Im Streit um die Bespitzelung des Journalisten Kai Budler sollen Lüneburger Richter entscheiden, was ihre Kollegen in Hannover erfahren dürfen.
HANNOVER taz | Der kafkaeske Rechtsstreit um die Bespitzelung des Journalisten Kai Budler geht in die nächste Runde: Auf Antrag des Verwaltungsgerichts Hannover soll die nächsthöhere Instanz in Lüneburg entscheiden, ob der niedersächsische Verfassungsschutz dem Gericht überhaupt mitteilen muss, warum der Ex-Mitarbeiter des Stadt-Radios Göttingen vom Geheimdienst beobachtet wurde – und was bis heute alles über ihn gespeichert wird.

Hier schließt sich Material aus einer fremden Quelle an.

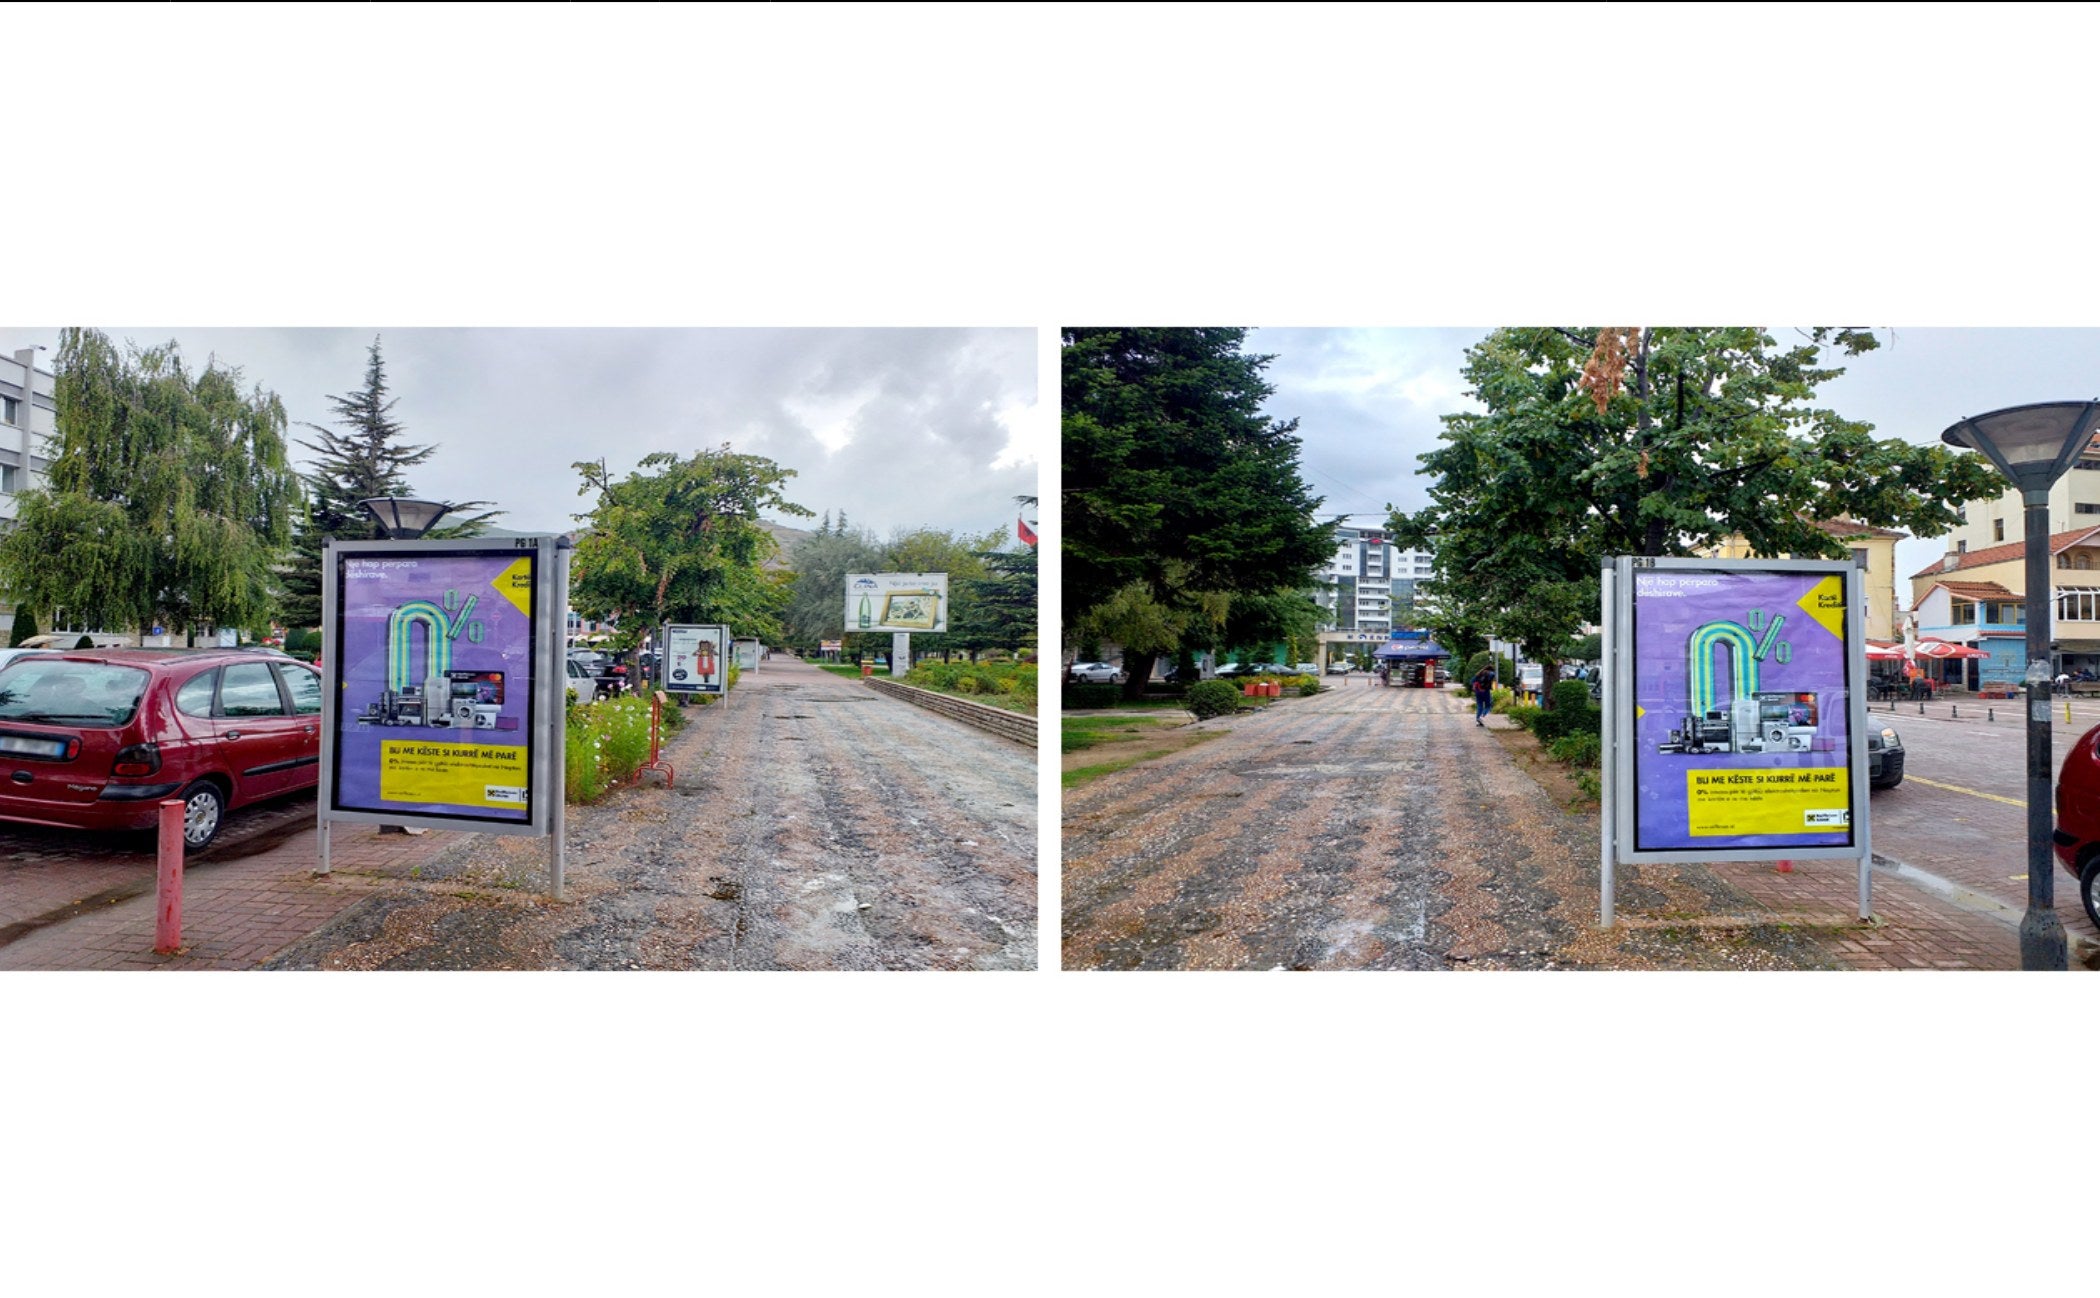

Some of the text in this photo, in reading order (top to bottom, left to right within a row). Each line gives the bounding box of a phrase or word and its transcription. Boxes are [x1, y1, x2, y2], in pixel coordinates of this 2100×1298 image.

[362, 560, 380, 569] hap
[1658, 577, 1676, 587] hap
[443, 749, 450, 758] SI
[1756, 775, 1764, 784] SI
[1813, 771, 1836, 783] PARË

Budler hatte nach dem von der taz aufgedeckten Handygate in Sachsen bei Polizei und Verfassungsschutz nachgefragt, ob er in die Rasterfahndung geraten ist: Schließlich wurden bei einem Nazi-Aufmarsch in Dresden 2011 wahllos Daten von Demonstranten mitgeschnitten, darunter auch Anwälte, Politiker und Journalisten.
Der niedersächsische Verfassungsschutz bejahte – und offenbarte Abstruses: 14 Jahre lang wurde Budler ohne sein Wissen überwacht. Penibel hatten die Beamten notiert, warum sie ihn für einen gefährlichen Linksextremisten halten: So soll Budler nach Fukushima an einer Anti-Atom-Demo teilgenommen haben. „Ich war da – aber als Journalist“, sagt der 46-Jährige. Gleiches gelte auch für einen Nazi-Aufmarsch in Jena.
Auslöser der Bespitzelung könnte eine Durchsuchung des Bildungswerks „Arbeit und Leben“ 1997 gewesen sein: Dort soll sich die linksgerichtete Redaktion der Göttinger Drucksache getroffen haben. „Aus Mangel an Beweisen eingestellt“, sagt der Journalist dazu.
Diese und drei weitere Vorwürfe musste der Verfassungsschutz auf Anweisung des Verwaltungsgerichts Göttingen bereits löschen. Doch die Geheimen haben weitere Daten über Budler – die per „Sperrvermerk“ auch geheim bleiben sollen. „Offensichtlich soll eine Quelle geschützt werden“, so sein Anwalt Sven Adam zur taz. Der Jurist will in Hannover feststellen lassen, dass die gesamte Überwachung des Radiomanns rechtswidrig war. Doch die Richter können nicht entscheiden – sie wissen ebenso wenig wie Budler, was gegen ihn vorliegen soll.
Abhilfe schaffen soll jetzt ein sogenanntes „In Camera“-Verfahren vor dem Oberverwaltungsgericht Lüneburg: Immerhin dort sollen Richter erfahren, was der Verfassungsschutz Budler überhaupt vorwirft. Anwalt Adam rechnet aber nicht damit, dass die Daten öffentlich werden: „Bisher hat auch das Bundesverwaltungsgericht den Quellenschutz immer höher bewertet als die Informationsfreiheit der Bürger.“
In Hannover könnten die Richter damit erneut ohne jegliche Information dastehen. Budlers Anwalt glaubt trotzdem an die Rehabilitierung seines Mandanten, der mittlerweile auch für die Bundestagsabgeordnete Martina Renner arbeitet. Er verweist auf den Fall des Ossietzky-Mitherausgebers Rolf Gössner: Der war ohne Angabe von Gründen 38 Jahre vom Bundesamt für Verfassungsschutz beobachtet worden – unrechtmäßig, wie das Verwaltungsgericht Köln befand. „Irgendeine Begründung“, sagt Anwalt Adam, „sollte der Geheimdienst liefern können.“
Überwachte JournalistInnen
Kai Budler ist nur einer von mindestens sieben Journalisten, die in der Amtszeit des CDU-Innenministers Uwe Schünemann vom niedersächsischen Verfassungsschutz bespitzelt wurden.
Ins Visier geriet die Rechtsextremismus-Expertin und taz-Autorin Andrea Röpke ebenso wie der Sportjournalist Ronny Blaschke - der hatte über Rechtsextreme im Fußball geschrieben. Zumindest bei Röpke versuchten die Geheimen, die Überwachung zu vertuschen - jetzt klagt sie auf Herausgabe ihrer Daten. Ihr Anwalt: der ebenfalls bespitzelte Sven Adam.